Deploy Hadoop cluster (Data Lake stack)
First published: Wednesday, May 28, 2025 | Last updated: Wednesday, May 28, 2025Deploy Hadoop cluster (Data Lake stack) using the SloopStash Docker starter-kit.
Configure environment variables
Supported environment variables
# Allowed values for $ENVIRONMENT variable.
* dev
* qaa
* qab
Set environment variables
# Store environment variables.
$ export ENVIRONMENT=dev
Bootstrap Data Lake stack (Hadoop cluster) environment
Docker
[!WARNING]
The Linux machine must have at least 1.5 GB RAM to avoid JVM memory pressure while running this 4-node Hadoop cluster.
# Switch to Docker starter-kit directory.
$ cd /opt/kickstart-docker
# Provision OCI containers using Docker compose.
$ sudo docker compose -f compose/data-lake/hadoop/main.yml --env-file compose/${ENVIRONMENT^^}.env -p sloopstash-${ENVIRONMENT}-data-lake-s1 up -d
Hadoop
Verify Hadoop cluster
# Access Bash shell of existing OCI container running Hadoop name node 1.

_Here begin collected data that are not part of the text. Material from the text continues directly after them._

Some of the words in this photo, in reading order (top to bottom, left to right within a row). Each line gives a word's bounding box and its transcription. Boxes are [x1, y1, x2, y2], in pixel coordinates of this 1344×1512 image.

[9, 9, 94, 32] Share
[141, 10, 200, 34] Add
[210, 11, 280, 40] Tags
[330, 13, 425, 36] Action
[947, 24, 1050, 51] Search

$ sudo docker container exec -ti sloopstash-${ENVIRONMENT}-data-lake-s1-hadoop-name-1-1 /bin/bash
# List Hadoop data nodes.
$ hdfs dfsadmin -report
# Exit shell.
$ exit
Write data to HDFS filesystem
# Access Bash shell of existing OCI container running Hadoop data node 1.

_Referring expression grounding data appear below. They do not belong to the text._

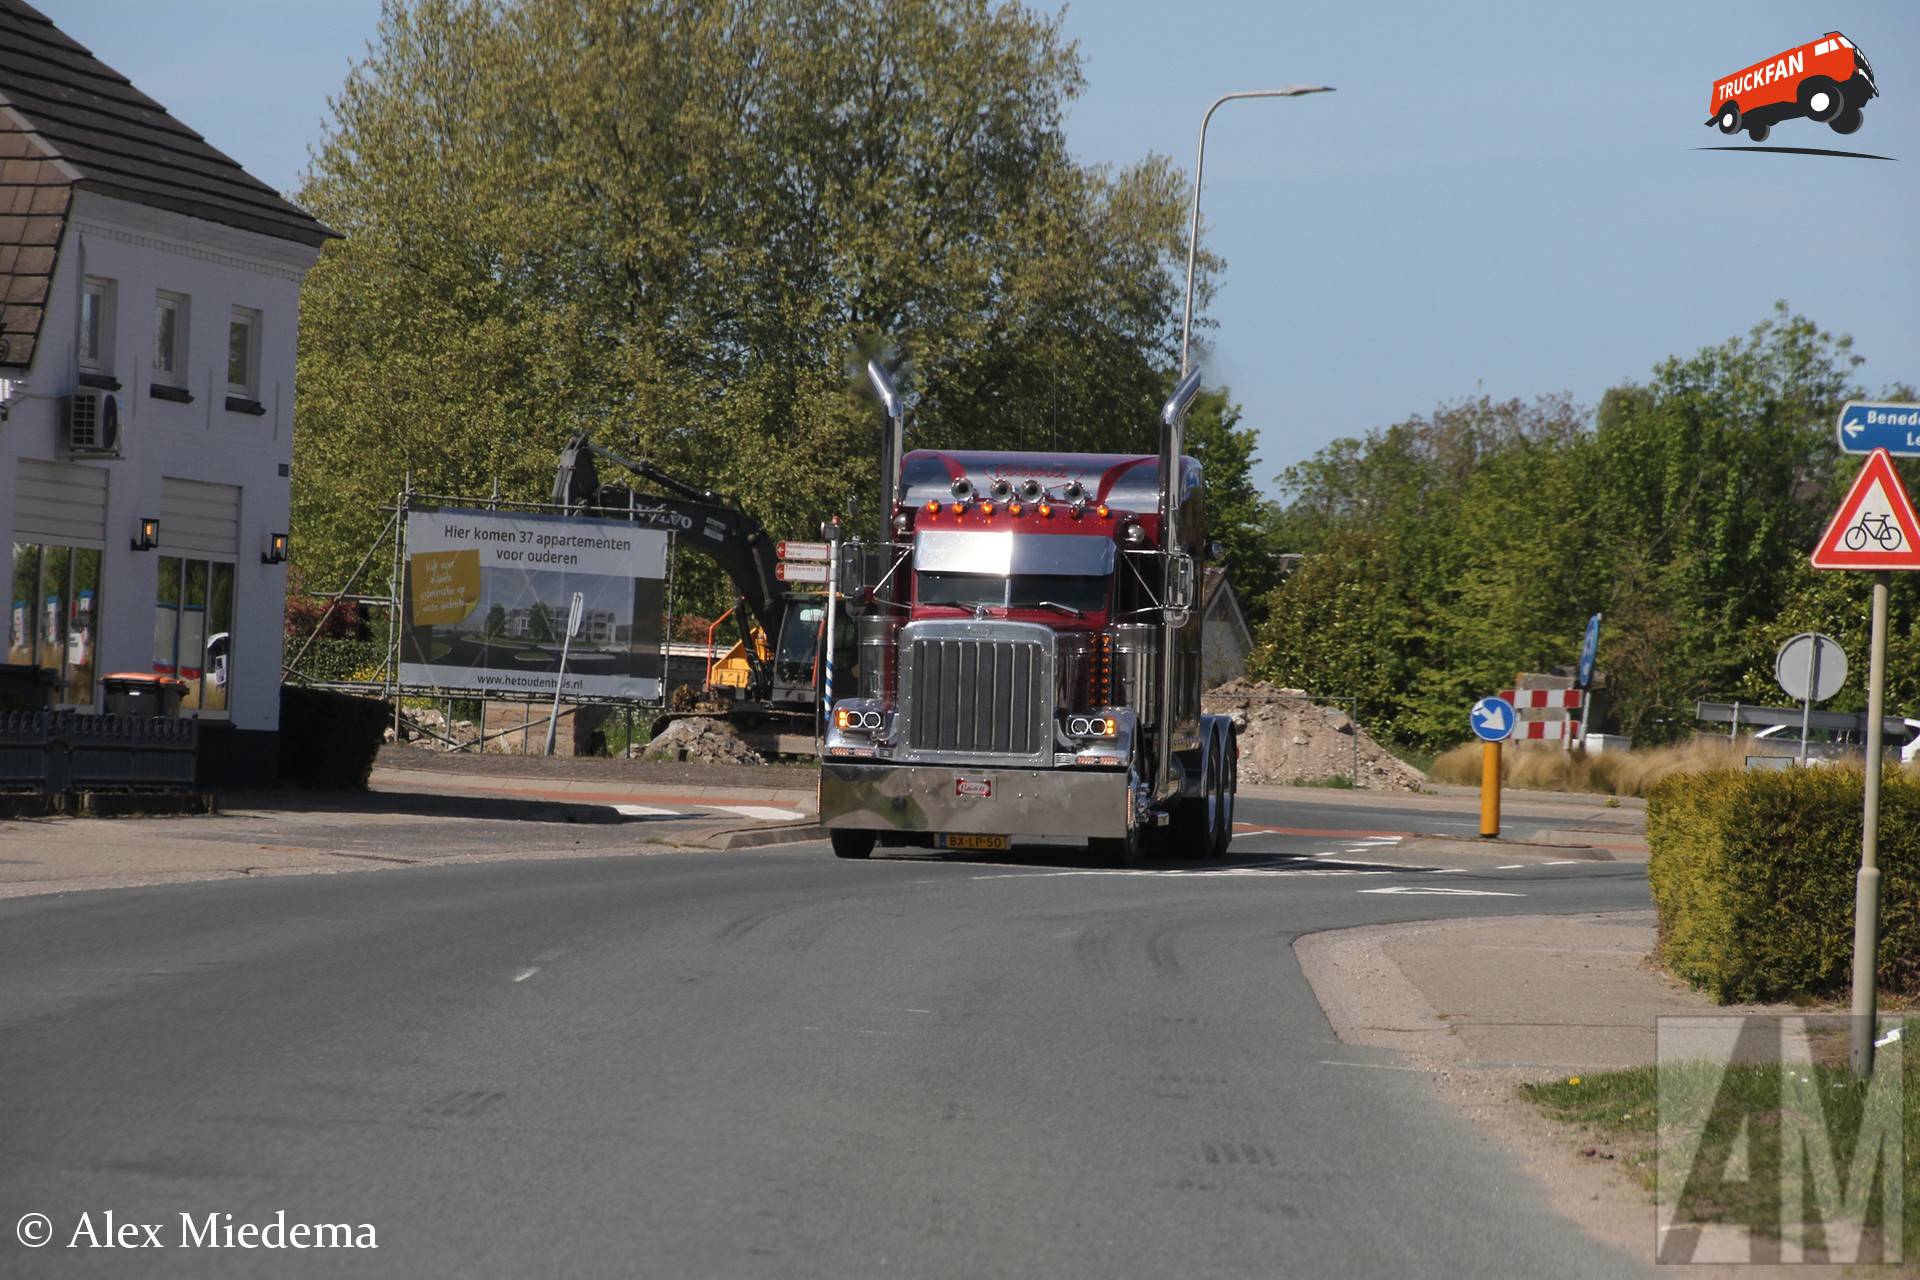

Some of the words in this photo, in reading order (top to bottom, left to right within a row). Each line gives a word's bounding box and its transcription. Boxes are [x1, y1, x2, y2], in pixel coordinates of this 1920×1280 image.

[444, 525, 471, 539] Hier
[474, 527, 516, 543] komen
[519, 531, 534, 543] 37
[536, 533, 631, 551] appartementen
[496, 549, 524, 561] voor
[527, 551, 578, 565] ouderen

$ sudo docker container exec -ti sloopstash-${ENVIRONMENT}-data-lake-s1-hadoop-data-1-1 /bin/bash
# Write data to HDFS filesystem.
$ hdfs dfs -mkdir -p /nginx/log/14-07-2024
$ touch access.log
$ echo "[14-07-2024 10:50:23] 14.1.1.1 app.crm.sloopstash.dv GET /dashboard HTTP/1.1 200 http://app.crm.sloopstash.dv/dashboard 950 - Mozilla Firefox - 0.034" > access.log
$ hdfs dfs -put -f access.log /nginx/log/14-07-2024
# Exit shell.
$ exit
Read data from HDFS filesystem
# Access Bash shell of existing OCI container running Hadoop data node 2.
$ sudo docker container exec -ti sloopstash-${ENVIRONMENT}-data-lake-s1-hadoop-data-2-1 /bin/bash
# Read data from HDFS filesystem.
$ hdfs dfs -ls -R /
$ hdfs dfs -cat /nginx/log/14-07-2024/access.log
# Exit shell.
$ exit
Manage Data Lake stack (Hadoop cluster) environments
Docker
# Switch to Docker starter-kit directory.
$ cd /opt/kickstart-docker
# Stop OCI containers using Docker compose.
$ sudo docker compose -f compose/data-lake/hadoop/main.yml --env-file compose/${ENVIRONMENT^^}.env -p sloopstash-${ENVIRONMENT}-data-lake-s1 down
# Restart OCI containers using Docker compose.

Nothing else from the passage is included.